Você é alto, forte e bonito: exatamente meu não-tipo. Se veste como todos os outros, joga videogame a mesma quantidade de tempo que meu primo de 9 anos, bebe whisky com gelo sem fazer cara feia e cospe nas plantinhas da rua como se isso fosse muito sensual. Você, incrivelmente, tem tudo que eu aprendi a odiar.
Seu nome é o que não quero que tenha o pai dos meus filhos, seus olhos cor de mel de tão bonitos ficam feios e sua barriga tem seis quadradinhos alinhados demais.
Você tem mania de escutar rap americano, aqueles chatissímos e me enche o saco de gostar de escutar as minhas músicas cults. Mas escuto aquelas músicas que você mais odeia, só por que você odeia e eu odeio você. Odeio como seus comentários são tão chatos e certos.

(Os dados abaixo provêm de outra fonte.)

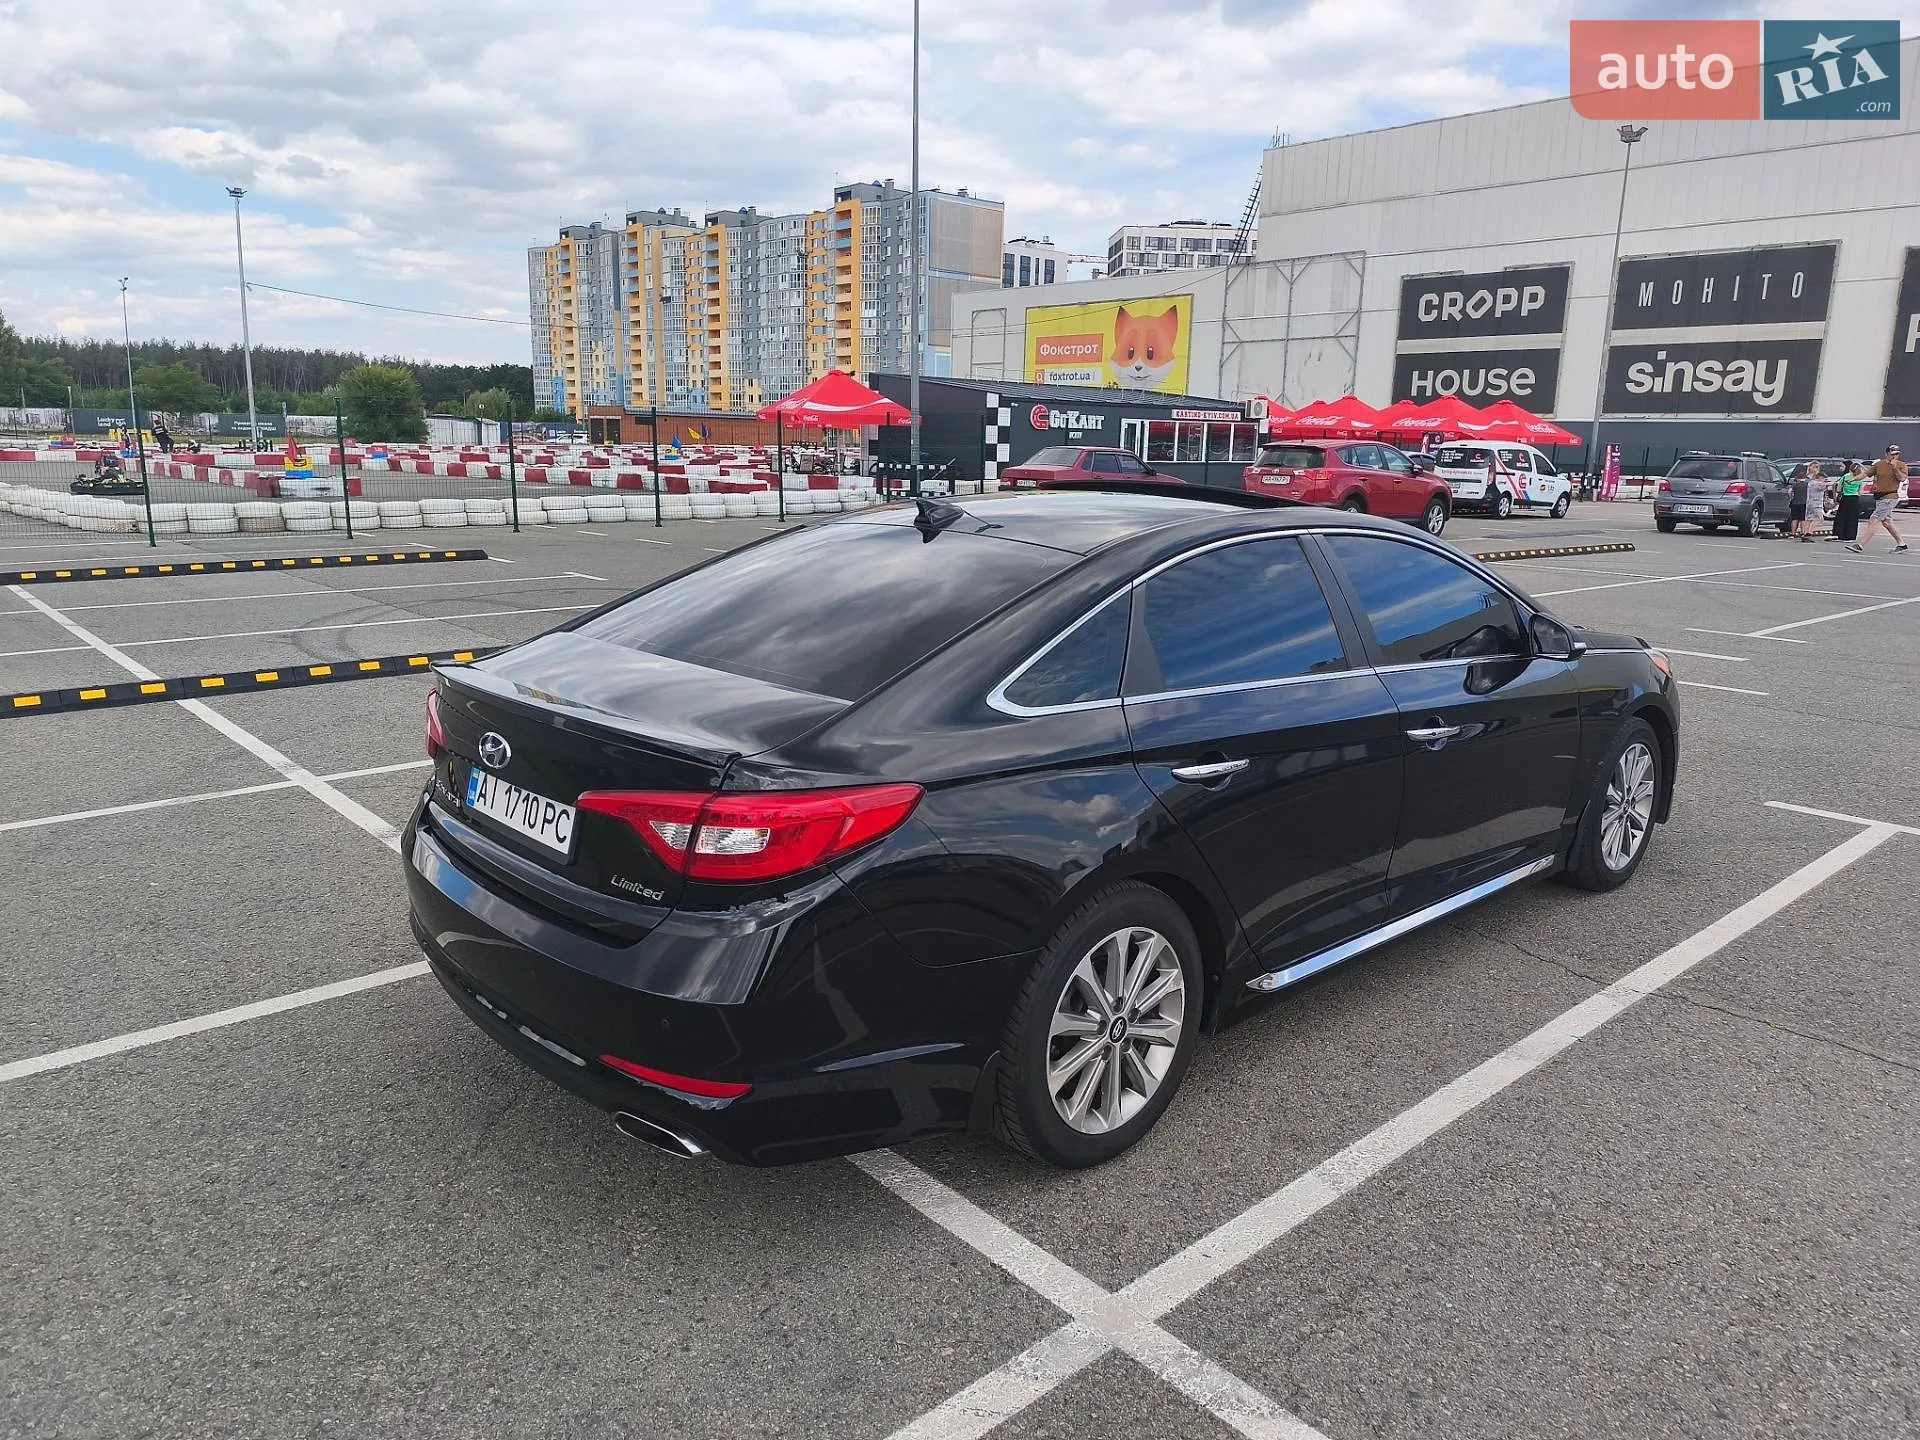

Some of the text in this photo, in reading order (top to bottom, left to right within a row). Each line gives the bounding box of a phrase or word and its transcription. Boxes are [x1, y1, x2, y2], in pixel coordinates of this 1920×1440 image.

E não posso me esquecer da parte que eu te odeio e você tem aqueles seis quadradinhos muito bem alinhados.
Você é o par-perfeito para aquelas mulheres que usam o blush muito rosado, chamam seus namorados de "bebê" e usam aliança de compromisso. O tipo de mulher que eu não tenho como amiga e cruzo vez ou outra em banheiros femininos e não faço questão nenhuma de fazer amizade. Mesmo sendo o tipo que todos os meus ex-namorados namoram depois de mim e colocam fotos felizes na atualização do Facebook. Se você fosse meu, seria só mais um final igual a todos os meus outros finais. E é por isso que eu te odeio tanto. Você é igual a um monte de coisa que eu já tive e cansei de ter. É tudo muito previsível. Você vai me amar, eu vou achar que te amo, me obrigar a voltar a ter seis quadradinhos bem alinhados, aí no dia que desinventar toda a nossa história que inventei porque não tinha mais o que inventar, vou te pedir pra ir embora e só vou lembrar de você quando ouvir aquele cd do rapper americano chato, que provavelmente vou achar em uma gaveta perdido. E sou tão egocêntrica, que só vou pensar em mim, no meu bem e achar que com você tá tudo bem. Porque logo, você vai começar a sair com as meninas de blush rosado e ser feliz de novo.
Então, entende o porque não gosto de você: você vai existir como se nunca tivesse existido. E tudo que você tem, meu bem, eu não sei amar.